Task to carry out
Transcribe, exactly and without pictures, the lines below from the line with "this 1488×992 image." to the line with "this 1200×1600 image.", both ends included, and no others.
(Beginning of Exercise input)
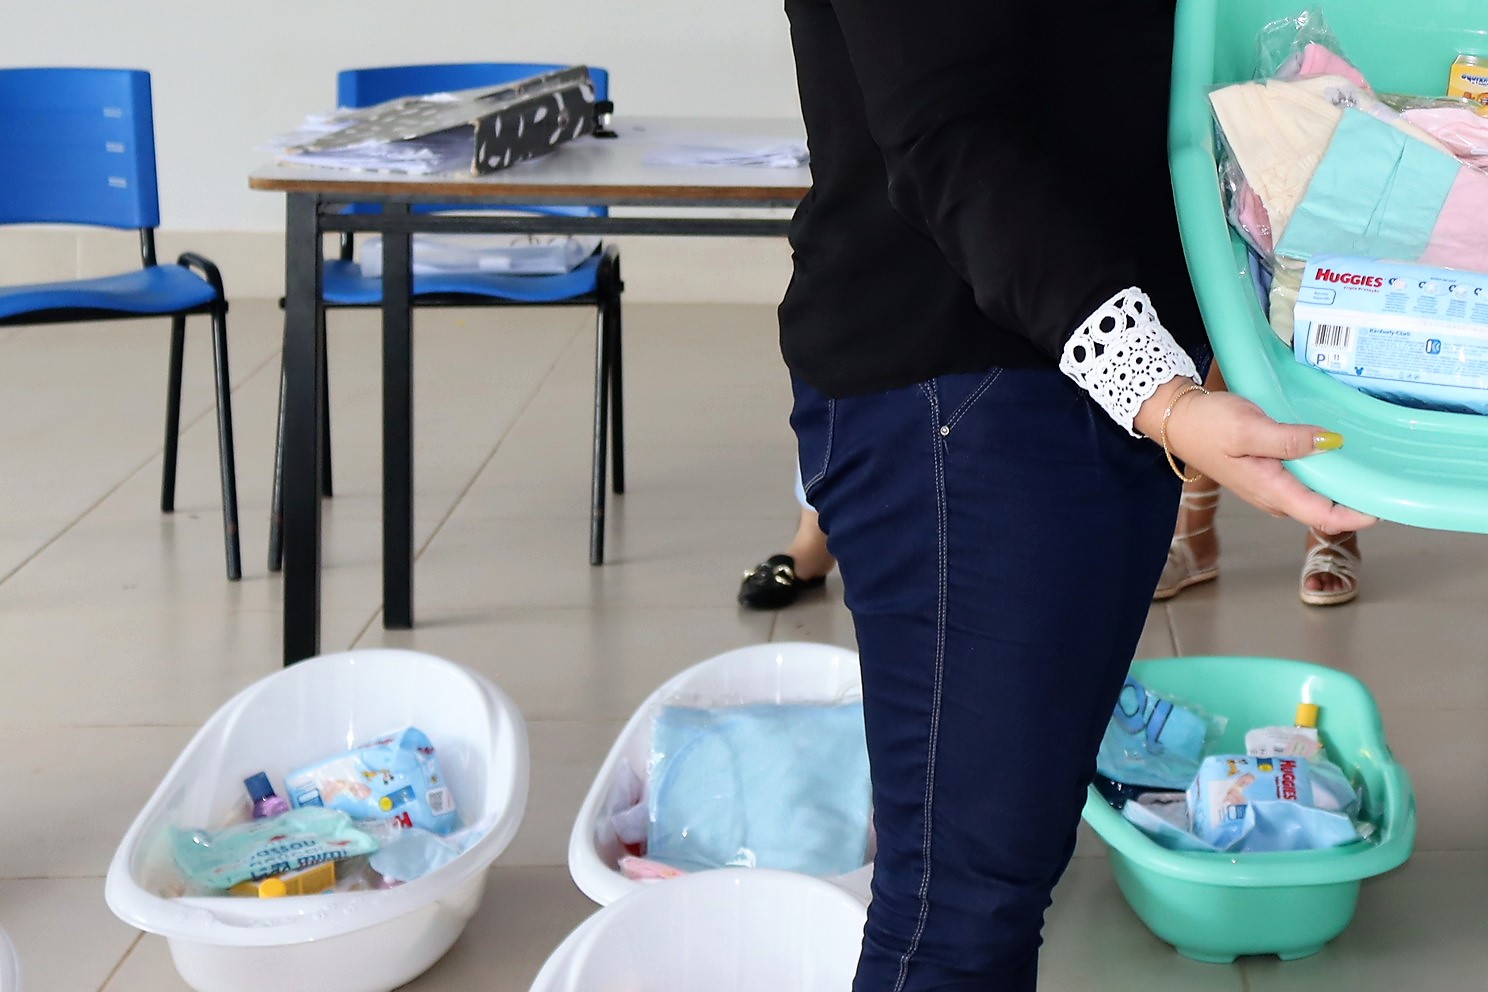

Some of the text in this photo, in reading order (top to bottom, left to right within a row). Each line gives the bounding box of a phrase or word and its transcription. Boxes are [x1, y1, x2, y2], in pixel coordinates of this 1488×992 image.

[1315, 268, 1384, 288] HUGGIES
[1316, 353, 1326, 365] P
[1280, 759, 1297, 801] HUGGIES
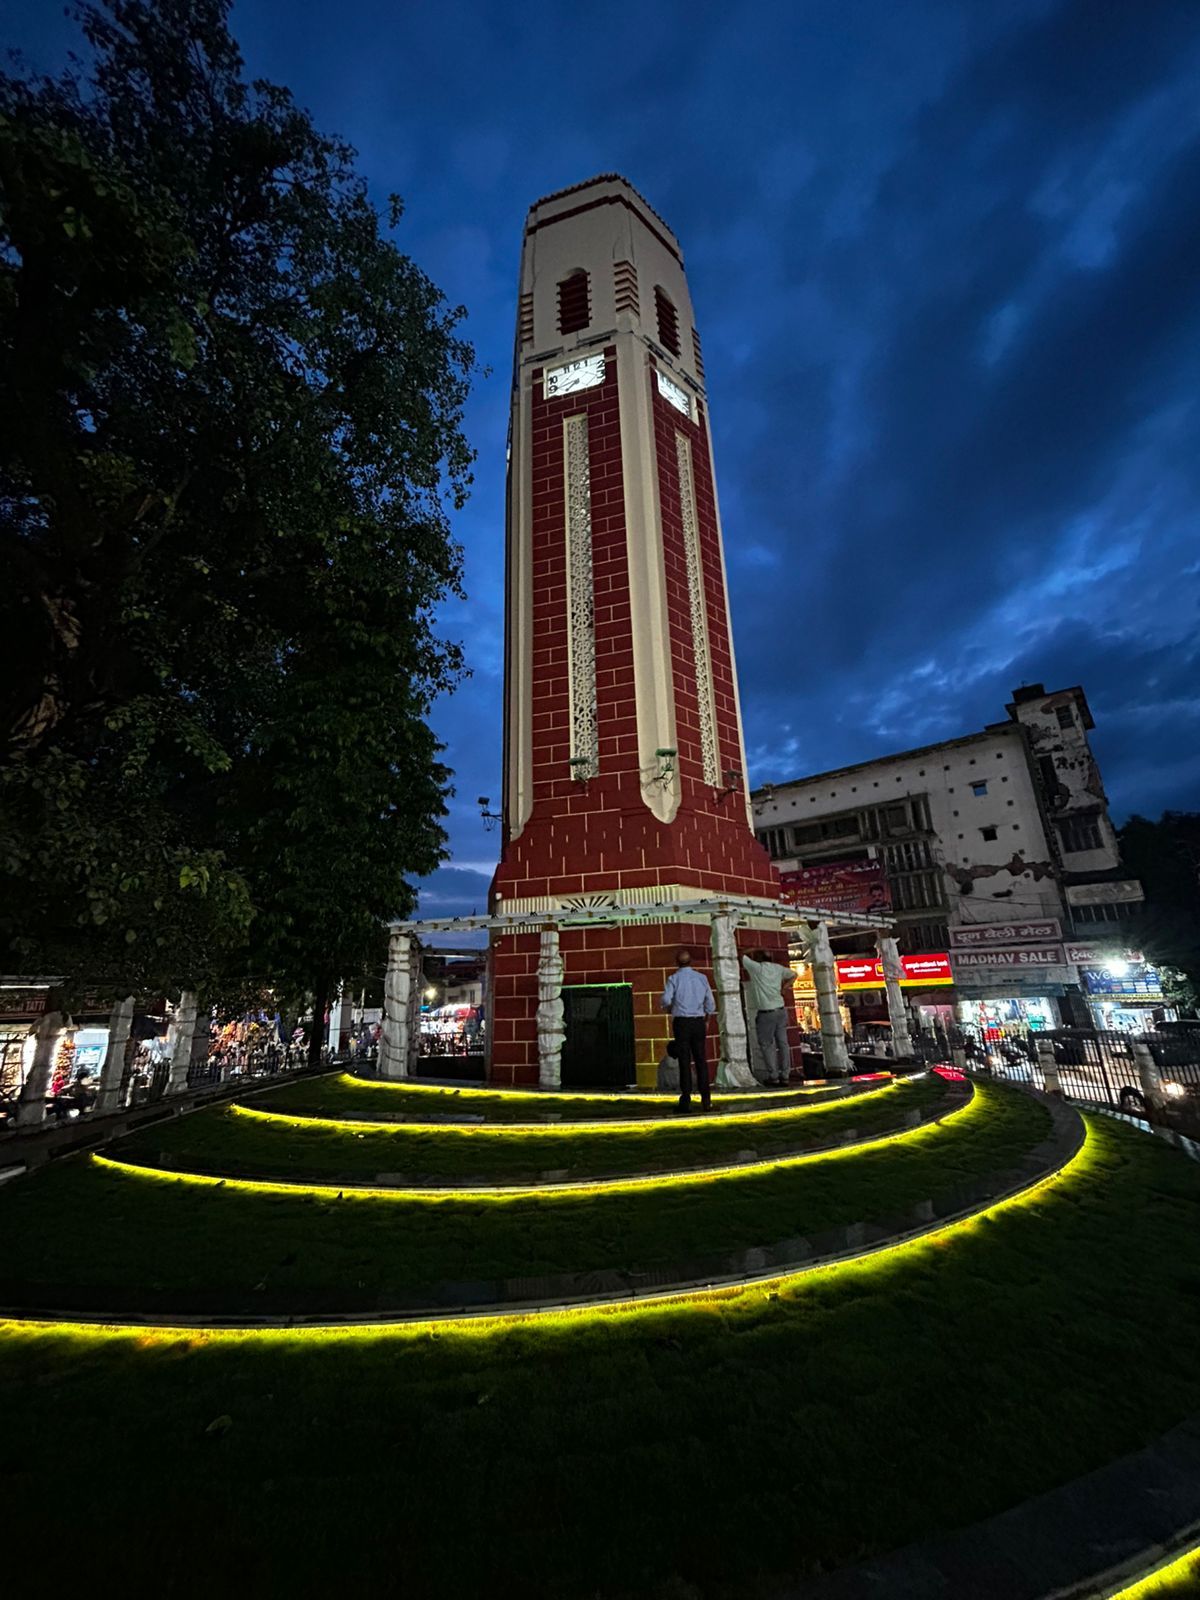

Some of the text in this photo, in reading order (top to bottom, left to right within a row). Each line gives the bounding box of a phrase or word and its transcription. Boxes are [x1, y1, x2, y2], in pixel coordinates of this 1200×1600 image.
(End of Exercise input)
(Beginning of Exercise input)
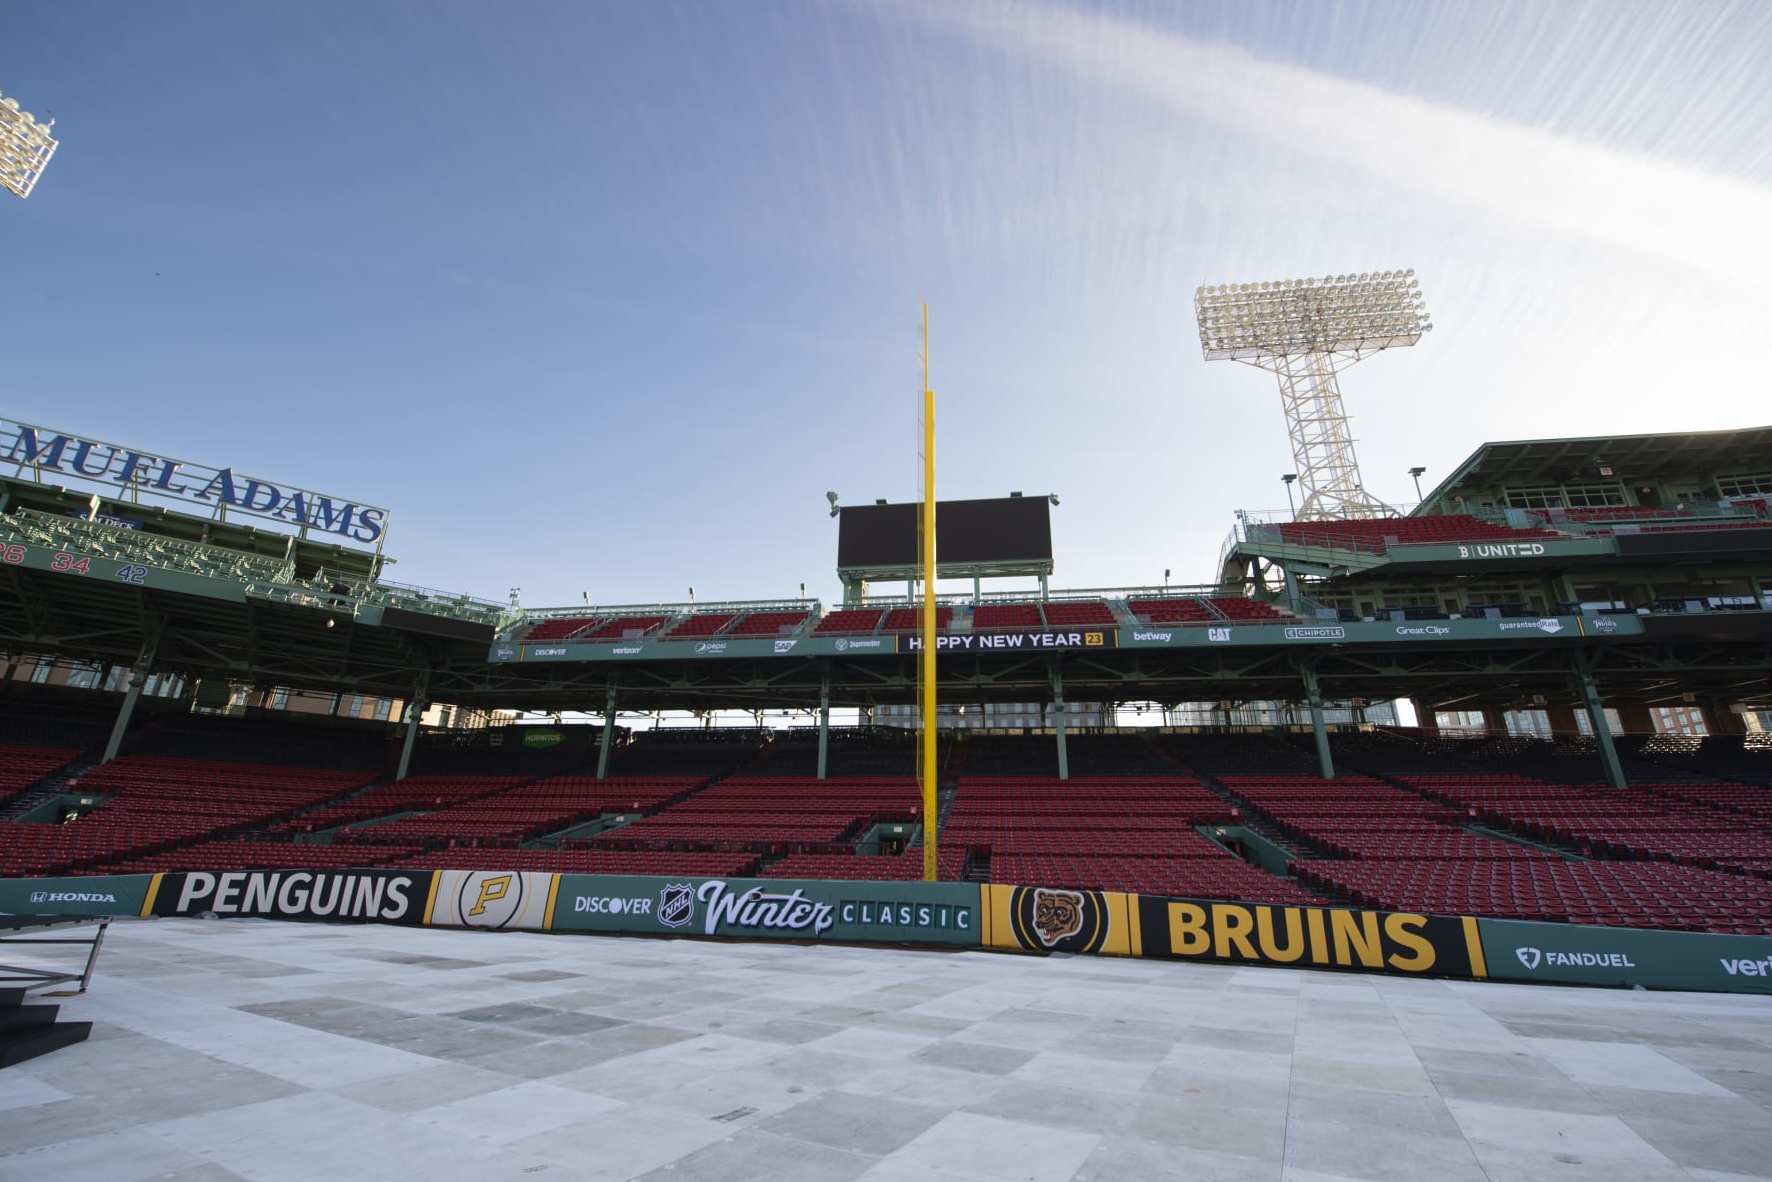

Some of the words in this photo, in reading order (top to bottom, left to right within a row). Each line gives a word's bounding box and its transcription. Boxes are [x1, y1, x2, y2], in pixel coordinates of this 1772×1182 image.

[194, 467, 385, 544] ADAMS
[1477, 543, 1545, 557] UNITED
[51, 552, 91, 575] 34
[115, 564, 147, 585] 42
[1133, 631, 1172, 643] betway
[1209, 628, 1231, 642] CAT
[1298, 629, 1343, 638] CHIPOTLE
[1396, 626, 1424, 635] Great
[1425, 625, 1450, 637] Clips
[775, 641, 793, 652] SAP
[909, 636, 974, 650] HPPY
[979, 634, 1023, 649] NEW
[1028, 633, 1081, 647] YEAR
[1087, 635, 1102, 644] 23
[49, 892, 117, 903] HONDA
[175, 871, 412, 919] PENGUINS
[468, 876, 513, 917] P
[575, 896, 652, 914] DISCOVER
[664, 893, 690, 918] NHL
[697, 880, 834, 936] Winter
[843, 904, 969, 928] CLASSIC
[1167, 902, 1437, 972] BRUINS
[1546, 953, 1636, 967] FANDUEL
(End of Exercise input)
(Beginning of Exercise input)
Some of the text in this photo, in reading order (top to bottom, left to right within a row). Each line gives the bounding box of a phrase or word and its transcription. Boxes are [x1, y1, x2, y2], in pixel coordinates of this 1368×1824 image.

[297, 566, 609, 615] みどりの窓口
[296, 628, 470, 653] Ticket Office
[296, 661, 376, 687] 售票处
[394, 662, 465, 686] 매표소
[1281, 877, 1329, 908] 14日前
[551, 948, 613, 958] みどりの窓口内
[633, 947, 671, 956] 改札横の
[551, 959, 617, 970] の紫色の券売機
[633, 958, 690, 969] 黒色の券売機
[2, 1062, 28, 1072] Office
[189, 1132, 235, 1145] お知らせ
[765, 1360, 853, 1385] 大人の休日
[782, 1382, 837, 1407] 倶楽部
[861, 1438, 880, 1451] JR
(End of Exercise input)
Result
Some of the text in this photo, in reading order (top to bottom, left to right within a row). Each line gives the bounding box of a phrase or word and its transcription. Boxes are [x1, y1, x2, y2], in pixel coordinates of this 1488×992 image.

[1315, 268, 1384, 288] HUGGIES
[1316, 353, 1326, 365] P
[1280, 759, 1297, 801] HUGGIES

Some of the text in this photo, in reading order (top to bottom, left to right within a row). Each line gives the bounding box of a phrase or word and its transcription. Boxes are [x1, y1, x2, y2], in pixel coordinates of this 1200×1600 image.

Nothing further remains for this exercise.